Two and a half years after the fight, Nana and Dana had reconciled and the ice between their adult children began melting at Nana’s 50th birthday, which Dana helped prepare and decorate the venue for. Nana’s daughter and Dana’s daughter danced together in a spontaneous reconciliation. As you can see in the clip of them dancing here, this is not a warm dance. The tension is still there, electrifying the air. To the applause of the tribe around them, they were making an effort to heal the rift.


Dana makes a point to prepare and attend all events in Nana’s family. “How amazing,” Martina said once, knowing the history of the 2021 fight, “That they have been able to move on from that.” Pepi laughed and said, “They are making a statement. They are a united front no matter what happens. But both of them are still angry about the fight.”
The statement these women are making is not just for outsiders, not just for the extended tribe, but for their own children. As matriarchs, they set the tone. And the tone is: We are family no matter what.
But the fight is not forgiven.
What is forgivable?
Isn’t it toxic to go to weddings and birthdays and be in the same room with someone who attacked you and hit your head with a rock, putting you in hospital?
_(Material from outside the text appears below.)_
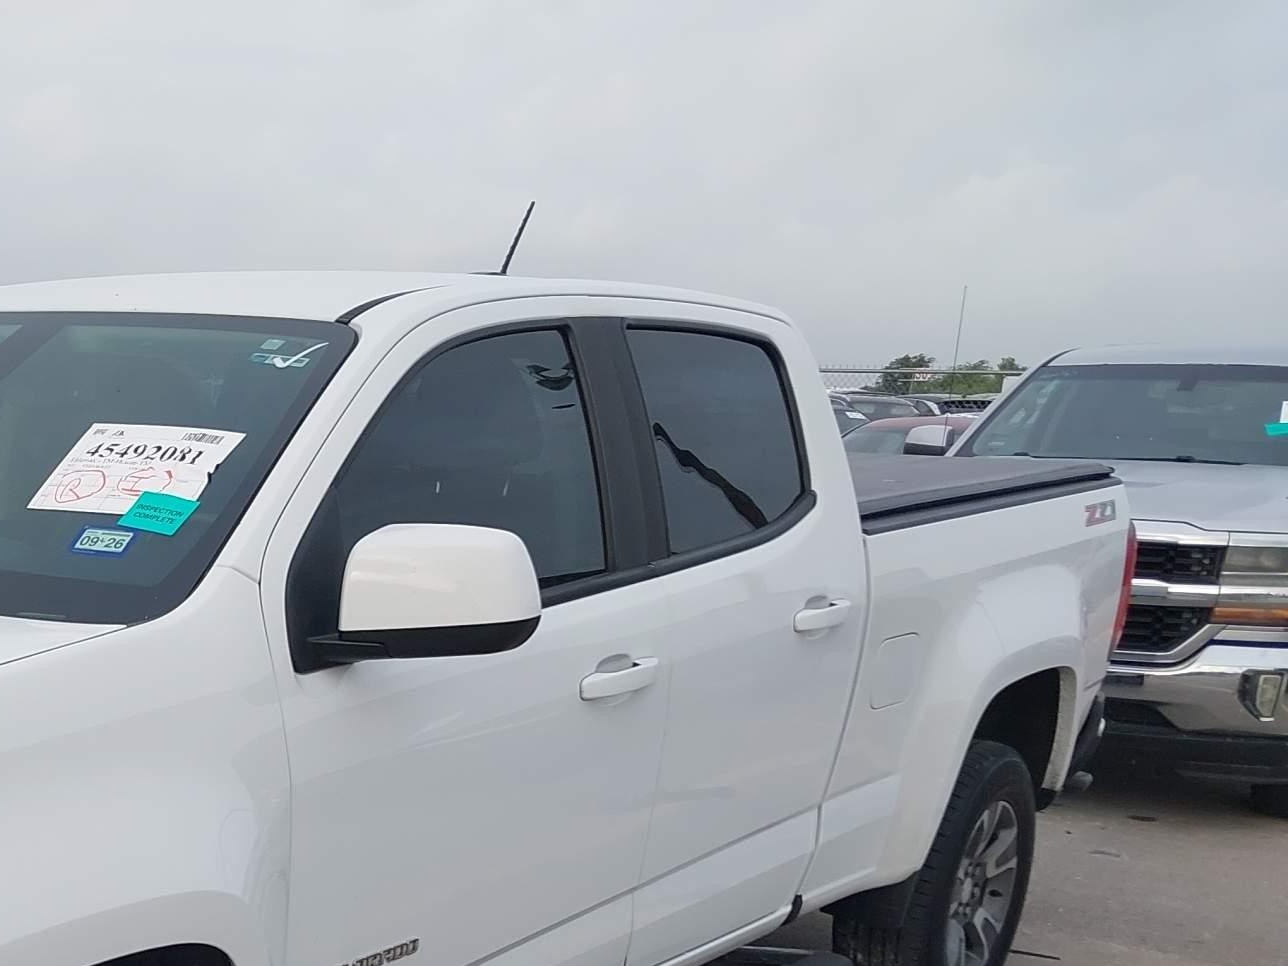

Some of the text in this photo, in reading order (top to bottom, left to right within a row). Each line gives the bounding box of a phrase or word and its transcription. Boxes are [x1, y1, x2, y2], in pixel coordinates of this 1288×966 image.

Or worse, did that to your child? Isn’t it toxic that the expectation from the entire tribe around you is that you “don’t cause trouble” by confronting them?
Well, here is where the Roma differ vastly from mainstream, Christianized culture. There is no virtue assigned to forgiveness in the Christian sense of “you are forgiven for your sins” as a an act bestowed by a benevolent force. There is no pressure “to forgive for your own good so you can move on.” Contrary to mainstream culture, the Roma are comfortable with what outsiders would label as “negative” feelings, such as anger. Being angry, acknowledging you are angry, sitting with your anger, and acting on your anger are all natural for the Roma.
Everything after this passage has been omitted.